ABSTRACT

Internal erosion in gap-graded soils is a major risk faced by earth dams and levees. However, the understanding of internal erosion mechanisms, especially at the particle scale, is still limited. This research couples the Discrete Element Method (DEM) with Computational Fluid Dynamics (CFD) to simulate the internal erosion (suffusion) process in gap-graded soil samples and further train Artificial Intelligence (AI)/Deep Learning (DL) algorithms to identify subtle patterns and anomalies related to internal erosion initiation. A time-lapse micro-structure visualisation approach is introduced using 3D voxelization of soil elements under internal erosion. Particle-scale parameters such as particle and flow velocity, number of contacts, contact forces etc are extracted from the CFD-DEM simulations throughout the internal erosion process forming time-series tensors used to train the AI models.
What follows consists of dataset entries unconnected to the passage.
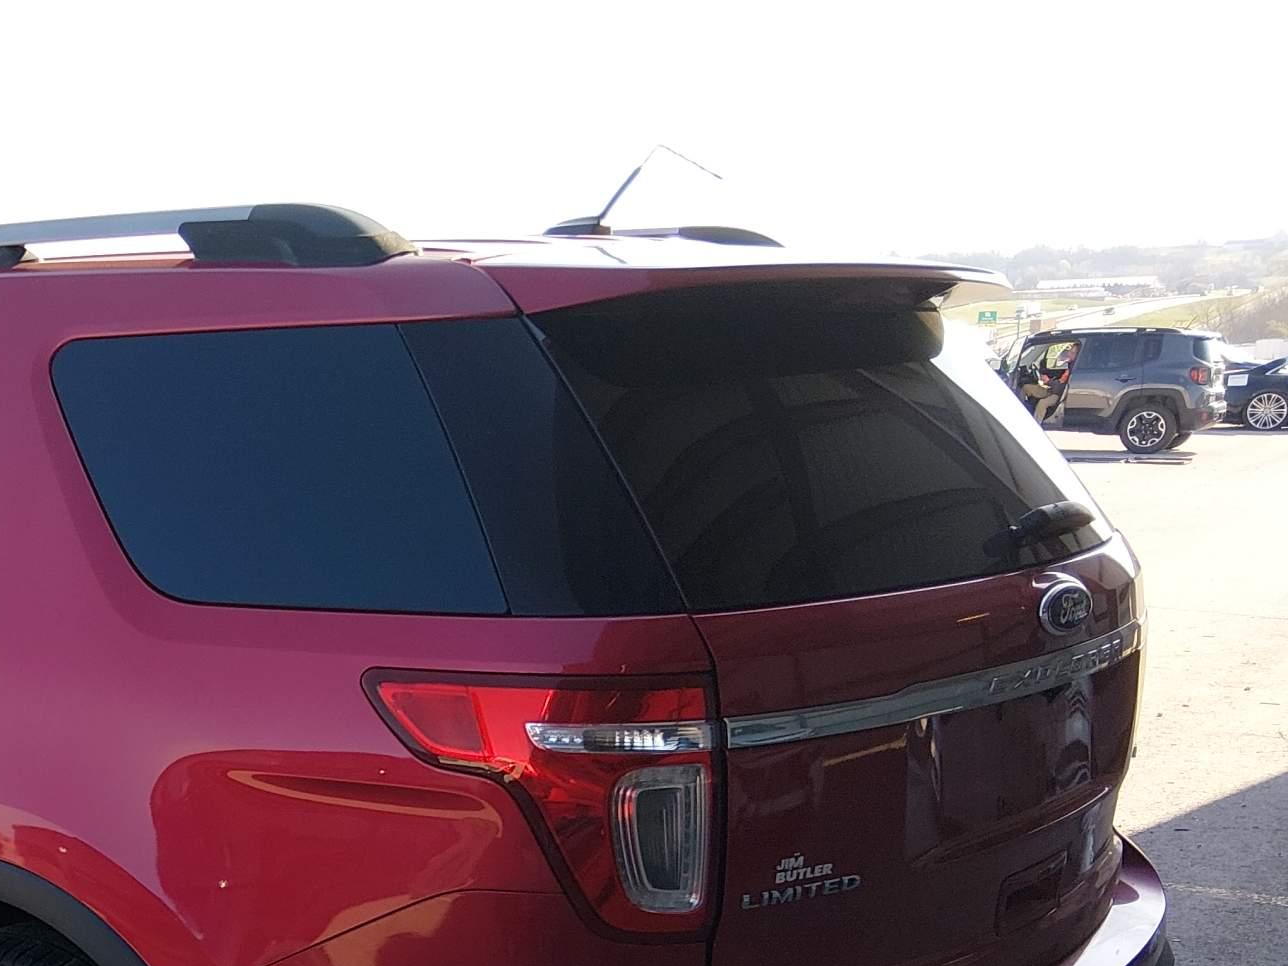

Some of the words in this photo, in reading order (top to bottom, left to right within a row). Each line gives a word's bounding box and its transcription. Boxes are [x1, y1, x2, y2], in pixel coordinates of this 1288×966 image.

[1060, 592, 1089, 625] Ford
[987, 638, 1123, 694] EXPLORER
[775, 863, 833, 884] BUTLER
[776, 855, 805, 872] JIM
[741, 875, 862, 910] LIMITED
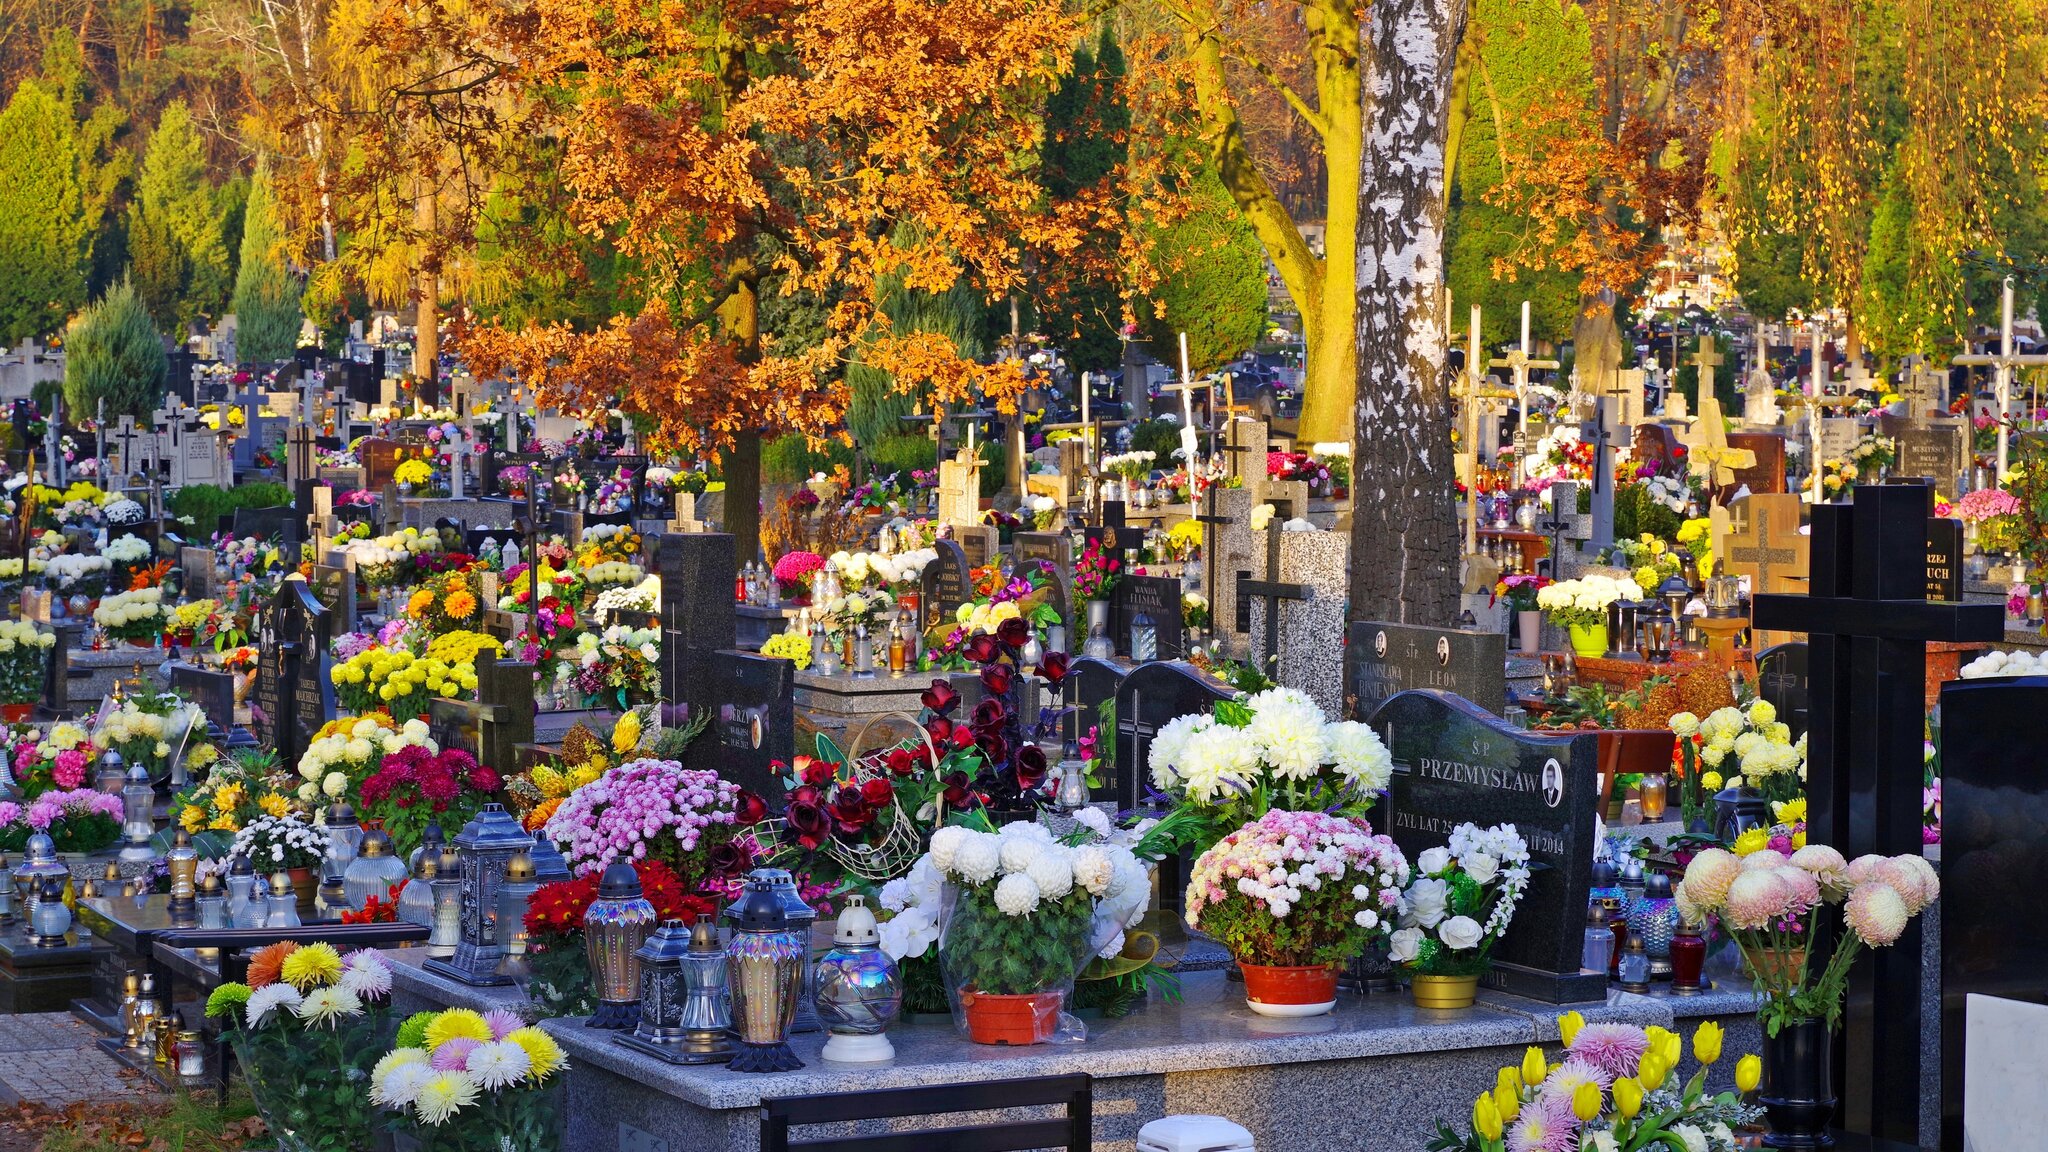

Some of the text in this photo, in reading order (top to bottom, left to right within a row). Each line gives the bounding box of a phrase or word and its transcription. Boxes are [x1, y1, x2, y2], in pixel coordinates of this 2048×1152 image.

[1926, 567, 1949, 580] UCH
[1134, 585, 1157, 595] WANDA
[1429, 670, 1457, 687] LEON
[729, 708, 749, 724] JERZY
[1420, 757, 1539, 793] PRZEMYSŁAW
[1396, 809, 1417, 829] ŻYŁ
[1419, 815, 1440, 833] LAT
[1541, 837, 1564, 856] 2014
The Autoencoder models with 3D Convolutional Neural Network (CNN) layers as encoder and decoder are developed to investigate the micro-scale patterns within the particle-fluid assembly together with the variations and anomalies throughout the erosion process. Using Sequential Training framework, anomalies within the data are detected by Convolutional Autoencoder models to identify the locus and time of internal erosion initiation. In addition, the micro-mechanisms during the initiation of internal erosion such as fine particle migration and contact loss are investigated. The 3D voxelization approach for internal erosion micro-mechanism visualisation can be integrated with advanced imaging techniques (e.g., micro-computed tomography) for early detection of internal erosion in future.